He's going to be center stage, Judy. He's going to be flanked on his right and his left by Elizabeth Warren and Joe Biden. And then, on the ends of the stage, you're going to see two billionaires, Tom Steyer and Michael Bloomberg. And all of them tell me that they are focused on making sure that people understand, in their minds, that Bernie Sanders is too radical, and that he's trying to hijack the Democratic Party.
I spoke to both Tom Steyer and Pete Buttigieg, who said that they are making sure that they want to explain to people that they think Bernie Sanders is someone who's polarizing. They also think that they have put out ads and said that they have put out ads to explain to South Carolina why they should not be voting for Bernie Sanders.
But I also have talked to aides to Bernie from — to Bernie Sanders, who tell me that he is ready. He understands that he's the front-runner. He understands that he's going to have a target on his back. So we should also expect Bernie Sanders to push back very, very hard when he's attacked tonight.
And, Yamiche, one other thing I want to ask you about, prominent South Carolina Democrat Congressman James Clyburn, he's, of course, in the leadership in the House of Representatives.
He is expected to endorse Joe Biden tomorrow. What are people saying about that? How much difference is that expected to make?
Joe Biden was calling South Carolina his firewall for months, except, in the last few days, he stopped using that language. And he stopped using that language because he understands that his lead has narrowed substantially.

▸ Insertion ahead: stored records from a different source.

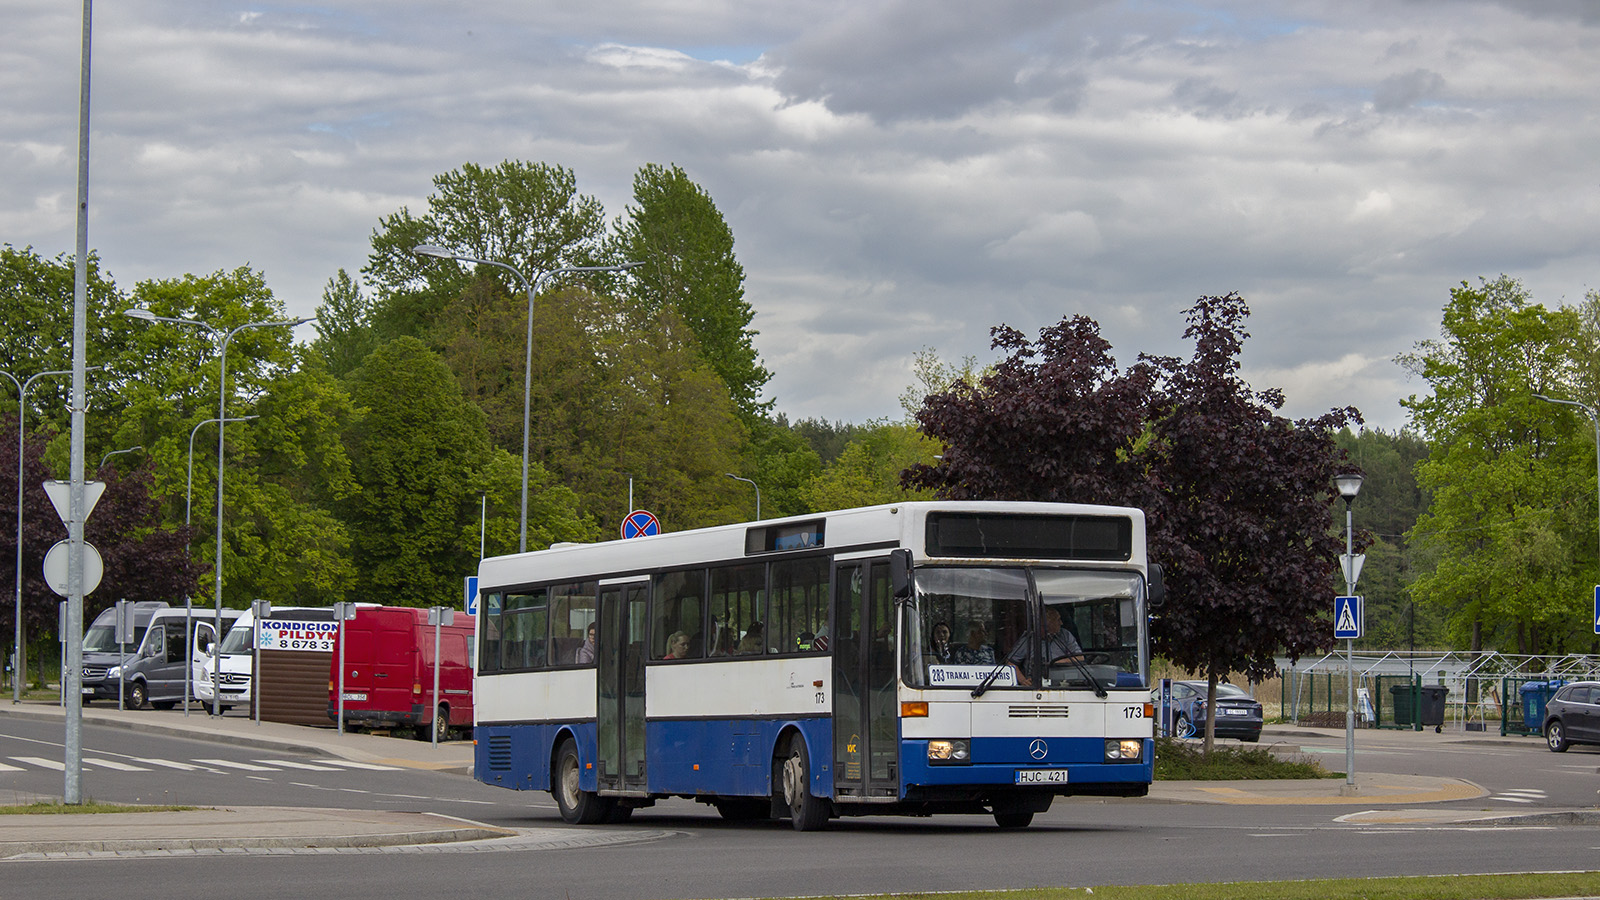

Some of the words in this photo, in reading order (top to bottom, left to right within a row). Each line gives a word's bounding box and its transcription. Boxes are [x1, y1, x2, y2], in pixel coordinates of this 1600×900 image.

[280, 640, 288, 648] 8
[291, 640, 317, 649] 678
[932, 669, 945, 682] 283
[946, 671, 970, 680] TRAKAI
[815, 692, 825, 703] 173
[1123, 706, 1142, 718] 173
[1020, 772, 1042, 781] HJC
[1048, 771, 1066, 781] 421
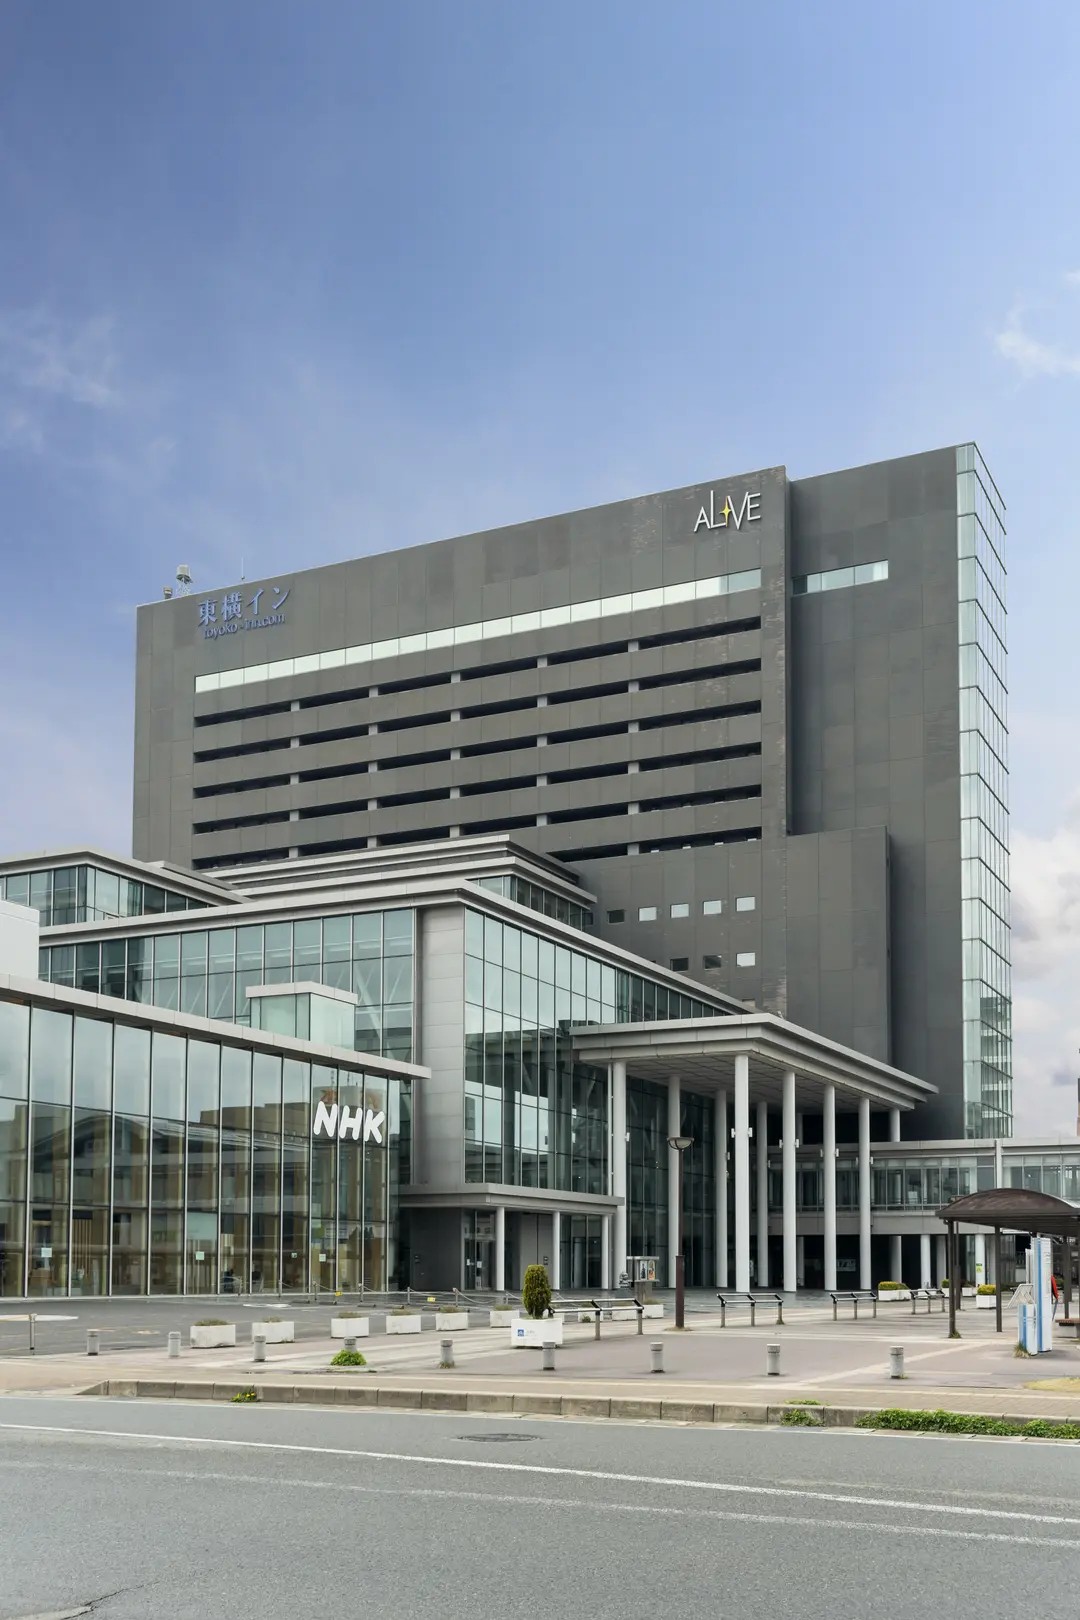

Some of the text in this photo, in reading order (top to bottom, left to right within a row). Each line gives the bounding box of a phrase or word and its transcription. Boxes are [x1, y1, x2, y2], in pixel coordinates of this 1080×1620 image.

[198, 586, 291, 626] 東横イン
[313, 1101, 385, 1143] NHK
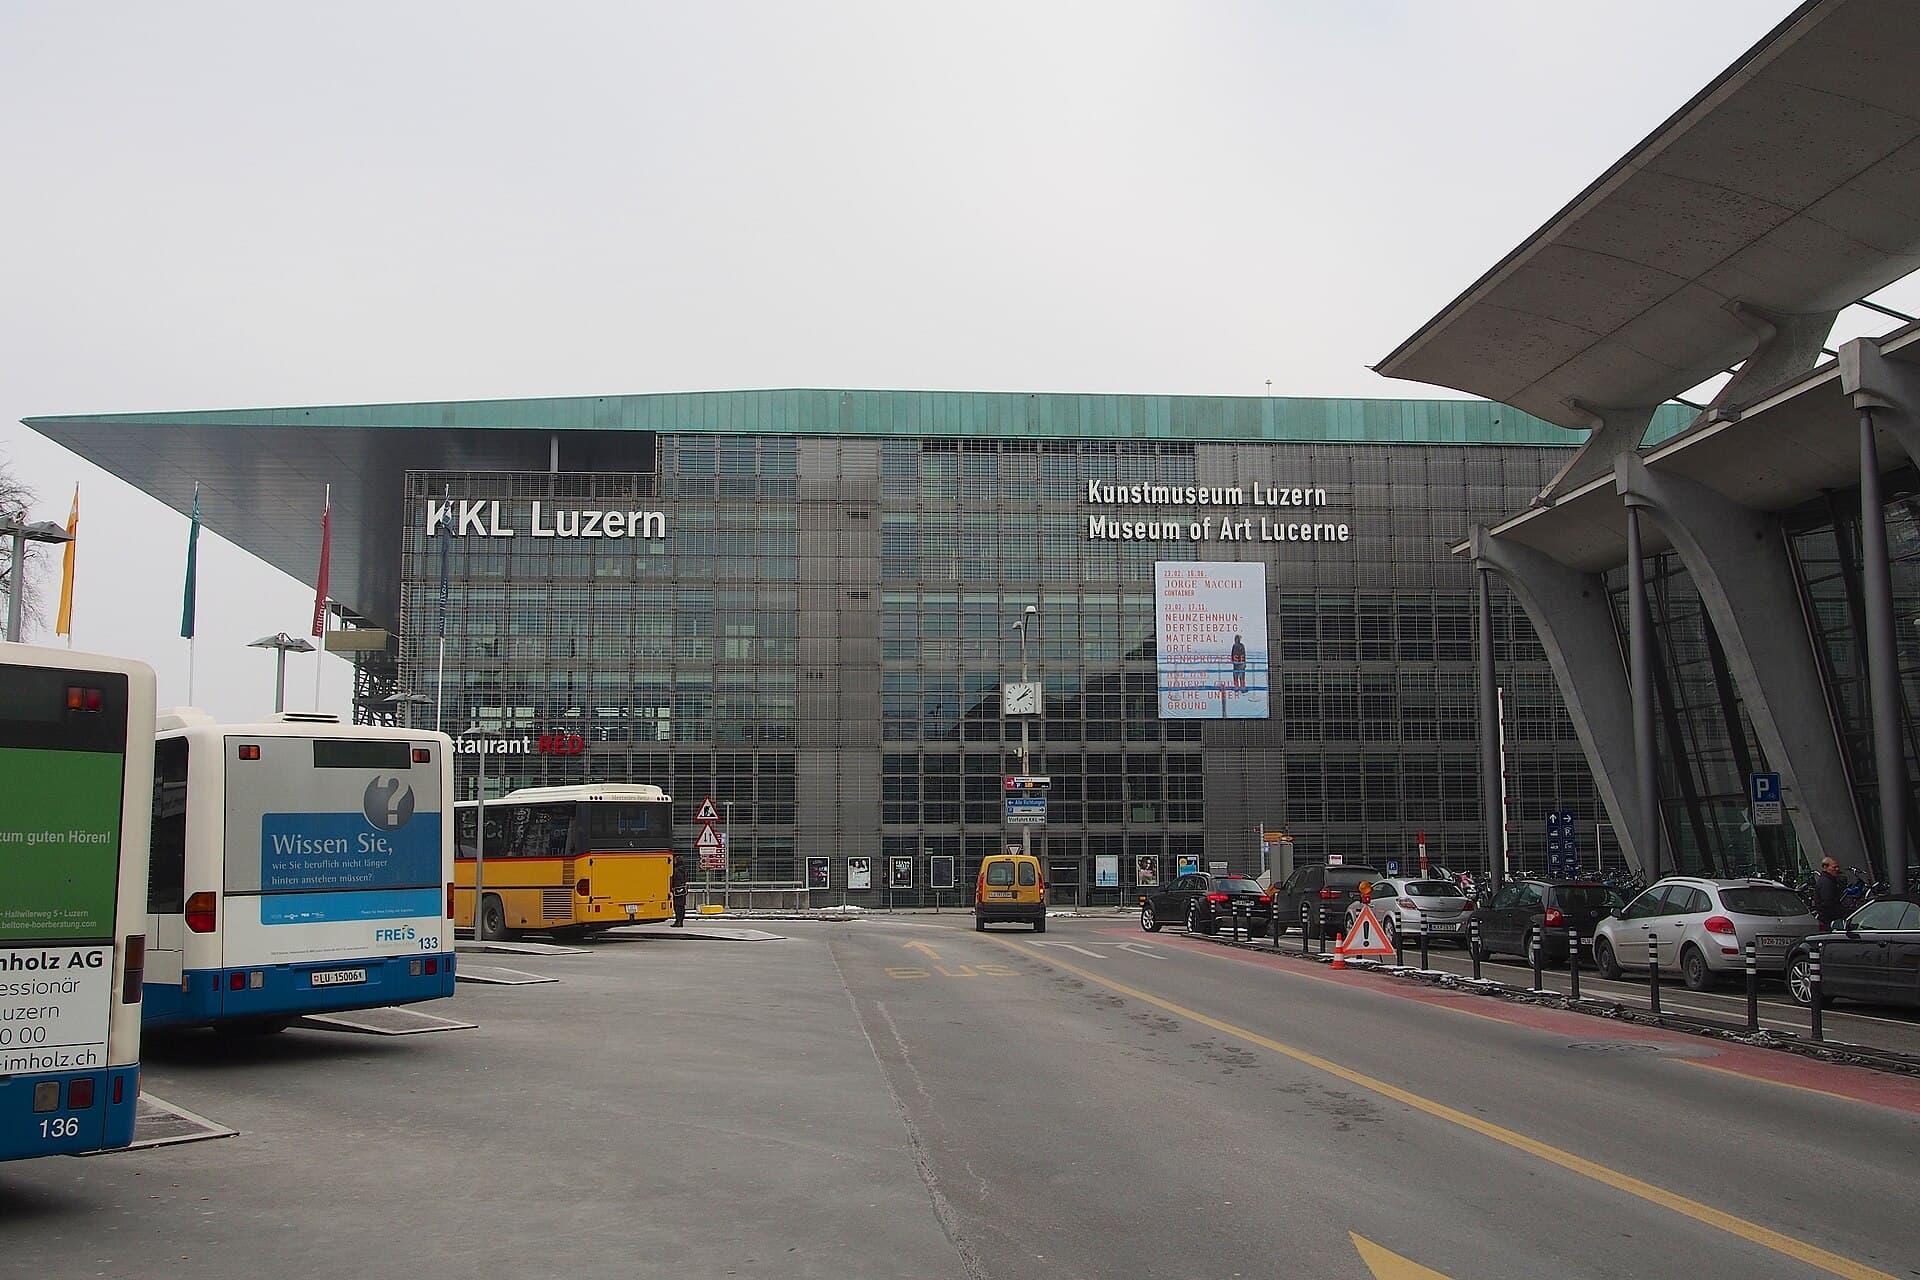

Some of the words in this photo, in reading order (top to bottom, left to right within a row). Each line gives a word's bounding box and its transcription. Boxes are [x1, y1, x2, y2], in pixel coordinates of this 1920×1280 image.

[1088, 480, 1243, 505] Kunstmuseum
[1254, 482, 1327, 506] Luzern
[426, 500, 514, 536] KKL
[531, 501, 666, 538] Luzern
[1089, 515, 1180, 540] Museum
[1190, 517, 1211, 541] of
[1220, 517, 1252, 541] Art
[1261, 517, 1350, 542] Lucerne
[1165, 580, 1197, 588] JORGE
[1205, 580, 1243, 588] MACCHI
[1165, 613, 1244, 622] NEUNZEHNHUN-
[1167, 701, 1207, 710] GROUND
[538, 735, 585, 755] RED
[0, 832, 23, 843] um
[27, 830, 65, 846] guten
[68, 830, 111, 844] Hören!
[271, 834, 348, 855] Wissen
[357, 832, 393, 855] Sie,
[272, 862, 287, 870] wie
[289, 861, 302, 869] Sie
[304, 860, 340, 869] beruflich
[342, 859, 362, 868] nicht
[364, 858, 388, 868] länger
[271, 876, 299, 885] hinten
[301, 875, 337, 884] anstehen
[339, 873, 373, 883] müssen?
[418, 937, 439, 950] 133
[67, 950, 104, 969] AG
[884, 964, 1025, 980] BUS
[0, 1005, 60, 1021] uzern
[19, 1026, 46, 1044] 00
[0, 1049, 97, 1071] imholz.ch
[39, 1117, 79, 1138] 136
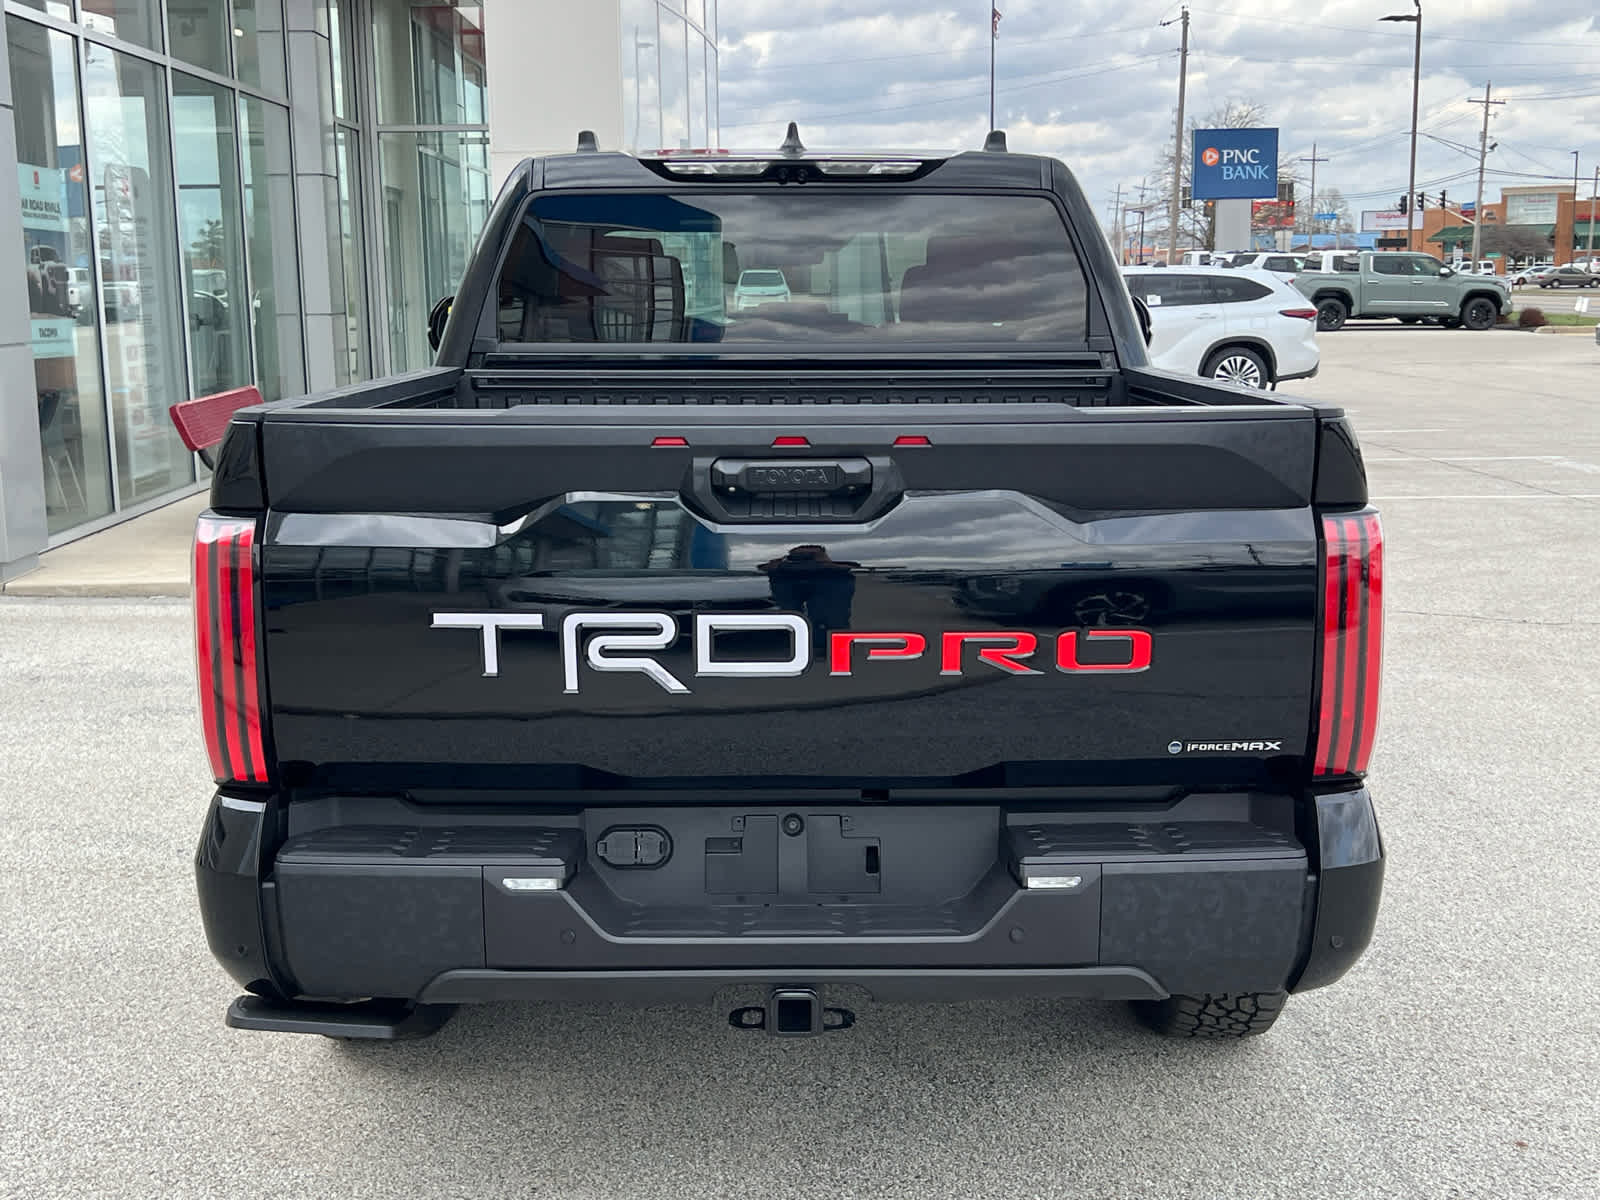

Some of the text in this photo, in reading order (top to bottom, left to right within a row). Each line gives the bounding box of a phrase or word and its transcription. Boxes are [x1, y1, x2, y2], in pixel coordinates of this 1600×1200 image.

[1221, 148, 1260, 164] PNC
[1221, 164, 1270, 181] BANK
[754, 468, 829, 485] TOYOTA
[431, 612, 1153, 694] TRD PRO

Now he's really up against Bernie Sanders, who's made a lot of gains with young voters here. So he's really looking for someone to help him get over the finish line here. Losing South Carolina would be detrimental to his campaign, aides tell me.
So, Jim Clyburn endorsing him tomorrow, which is what we expect to happen, is going to really help him among establishment Democrats, who see Jim Clyburn, a longtime South Carolina Democrat, who they look to and say, if Jim Clyburn is someone who's backing Joe Biden, I want to go with him too.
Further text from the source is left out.